My son wins some matches and loses a handful more. However, he always enjoys playing, he doesn't scream and shout or thrash his racket into the ground. He wins and loses with the same good grace which makes me just as proud as his sporting prowess.
However, recently, he was given a real hiding by a lad of a similar age, ranking and ability. When he came off, I said 'Jesus. If you're going to play and serve like that, I think even I could take a set off you.' I always call him 'Jesus' when I am cross with him.
This lunchtime, work and school commitments finally allowed the great Brightside veteran-junior invitational challenge to take place.
He thrashed me 6-0. I took him to a couple of deuces but only because he made a couple of unforced errors and threw in a few double faults. When Sue Barker interviewed me, in a sweaty and breathless state (me not Sue) immediately afterwards, she made the preposterous claim that I only made two outright winners during the whole 24 minutes.
When I asked my son for tips to improve my all-round game, he graciously replied
'You actually weren't as bad I thought. You did get some serves in.'
I may have lost but I can tell you, I really looked the part as I strolled out onto court 14, immaculately attired in cream flannels, cream blazer with a cream holdall embossed in gold lettering with 'NB'.
We then adjourned to Asda for an emergency purchase (toilet rolls) and I cheered myself up with the purchase of Editors 'An End Has a Start'.
This CD has been on my wishlist for a whole but I have been poised on tenterhooks, waiting for Doug Burns to divulge his innermost thoughts on this indie band but, sorry, Doug, I simply can not bear the suspense any longer.

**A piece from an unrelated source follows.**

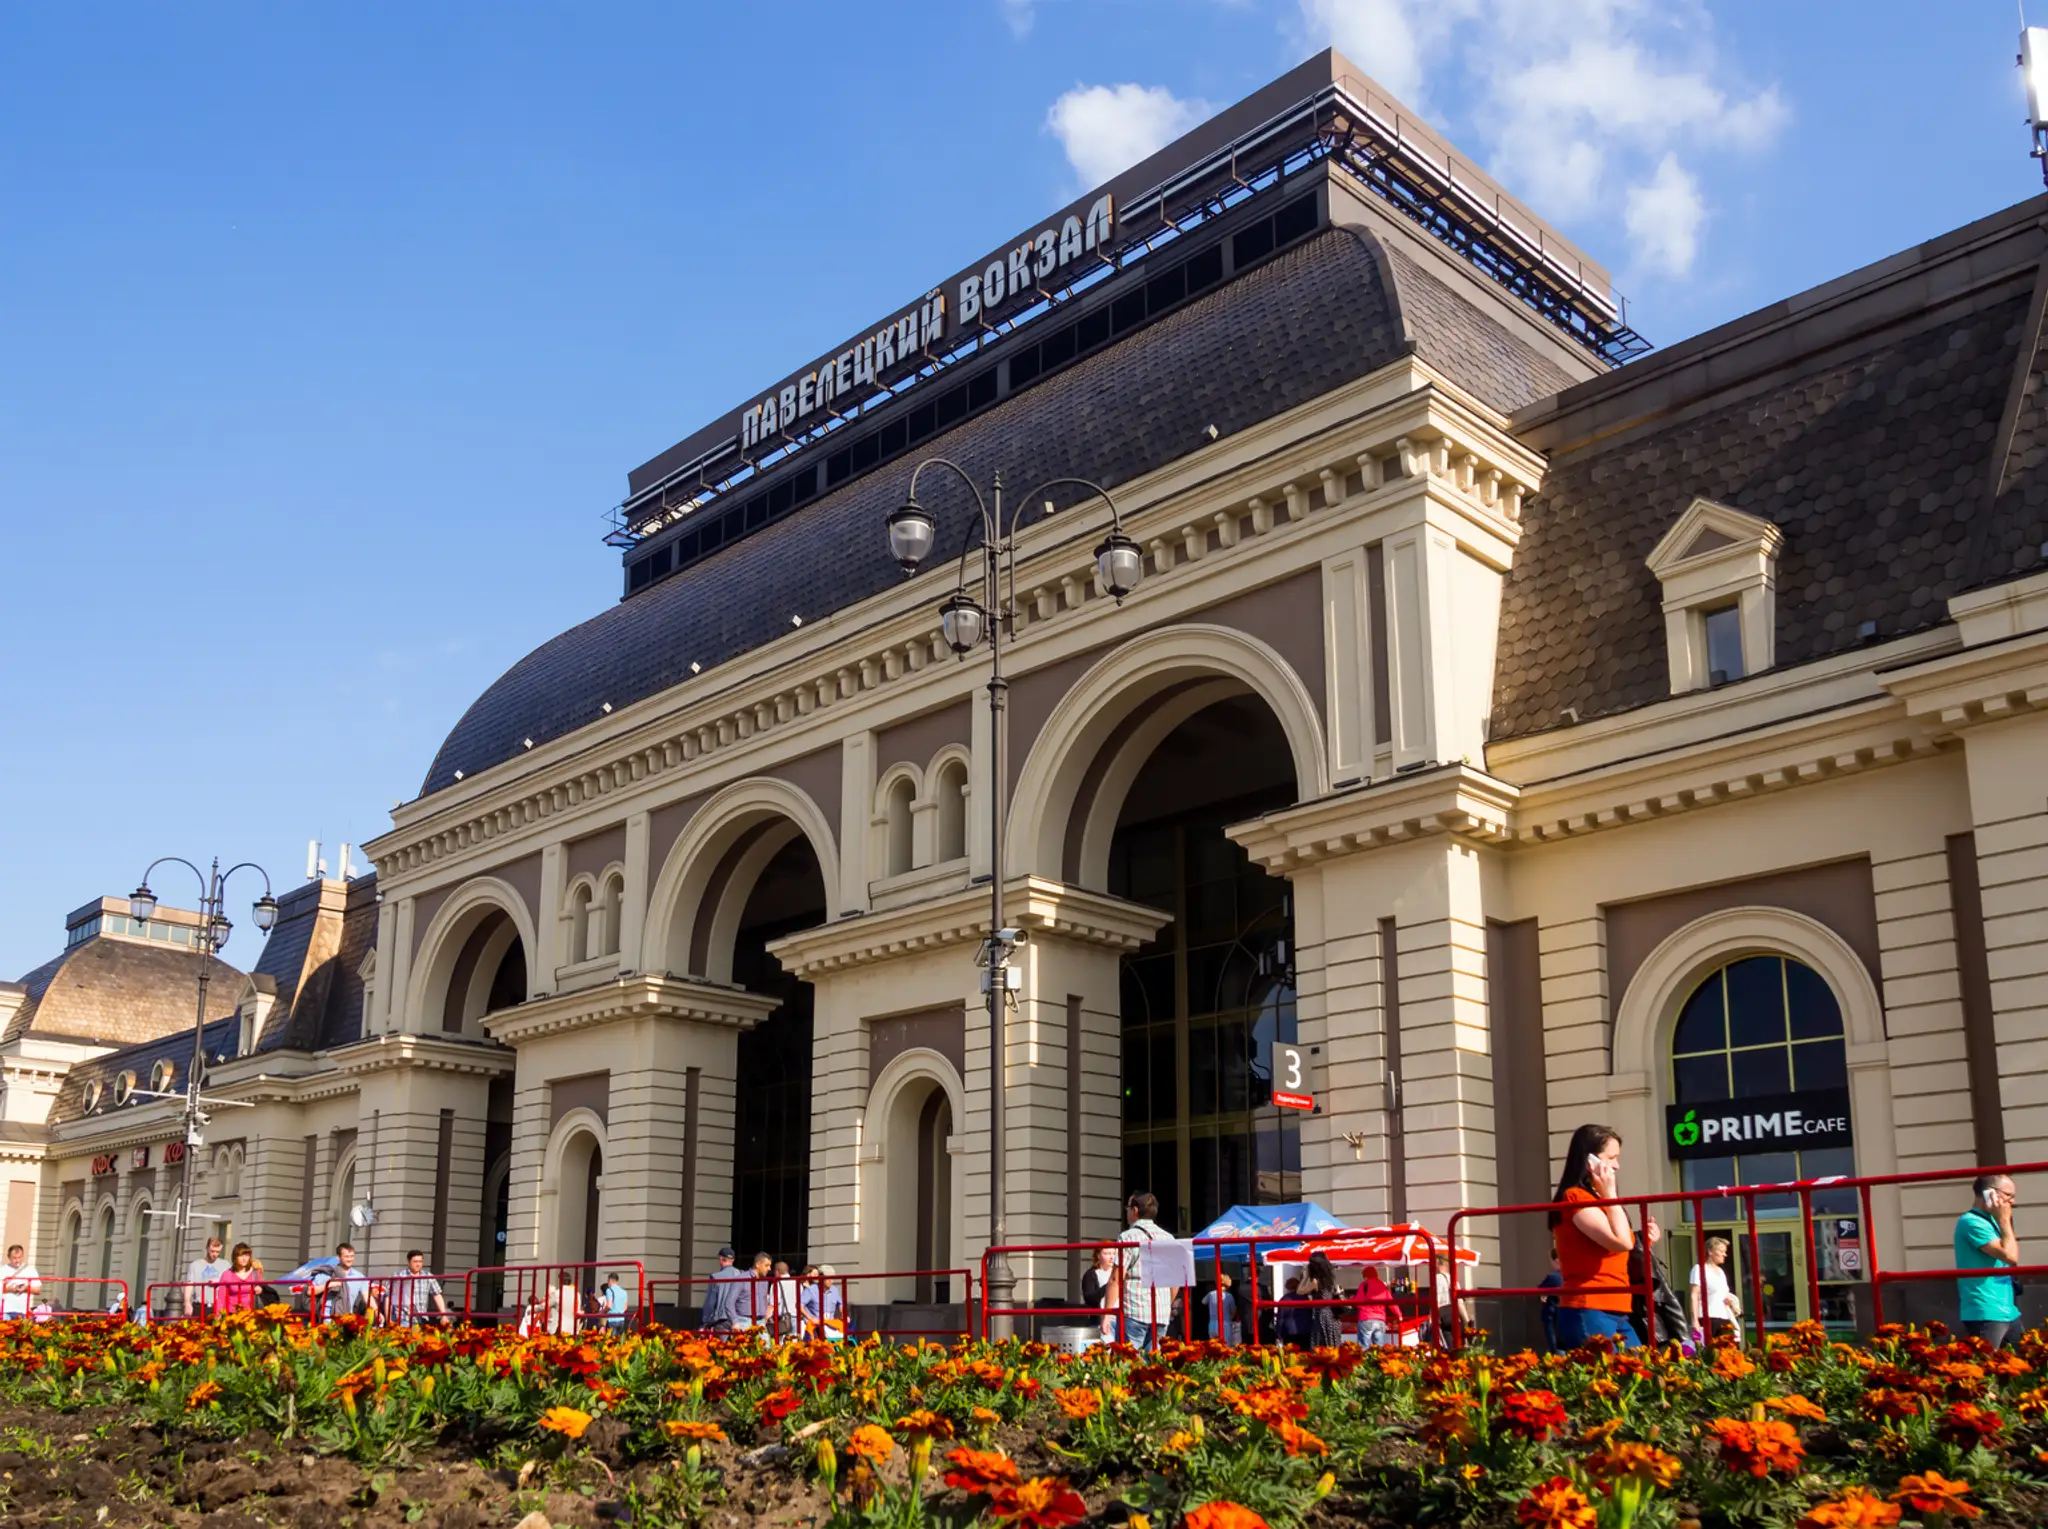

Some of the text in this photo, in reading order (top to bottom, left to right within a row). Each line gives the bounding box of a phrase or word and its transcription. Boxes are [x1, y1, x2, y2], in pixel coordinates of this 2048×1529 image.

[742, 193, 1113, 449] ПАВЕЛЕЦКИЙ ВОКЗАЛ
[1285, 1049, 1302, 1089] 3
[1702, 1110, 1847, 1144] PRIME CAFE

I see Interpol's third album ('Our Love To Admire') is also out which has received negative reviews for being too similar to the previous two with vivid echoes of Joy Division so that has also been ordered.
out with the old, in with the new
A minor irritant with uninteresting email cluttering up my Inbox has resulted in some minor changes to my Web 2.0 first-team squad.
Akismet, the popular and widely used anti-spam solution, was letting an increasing trickle of irritating comment and trackback spam through. As I had configured email notification for all blog comments, this was generating pointless, tedious, worthless emails that simply had to be deleted. A complete waste of time and energy.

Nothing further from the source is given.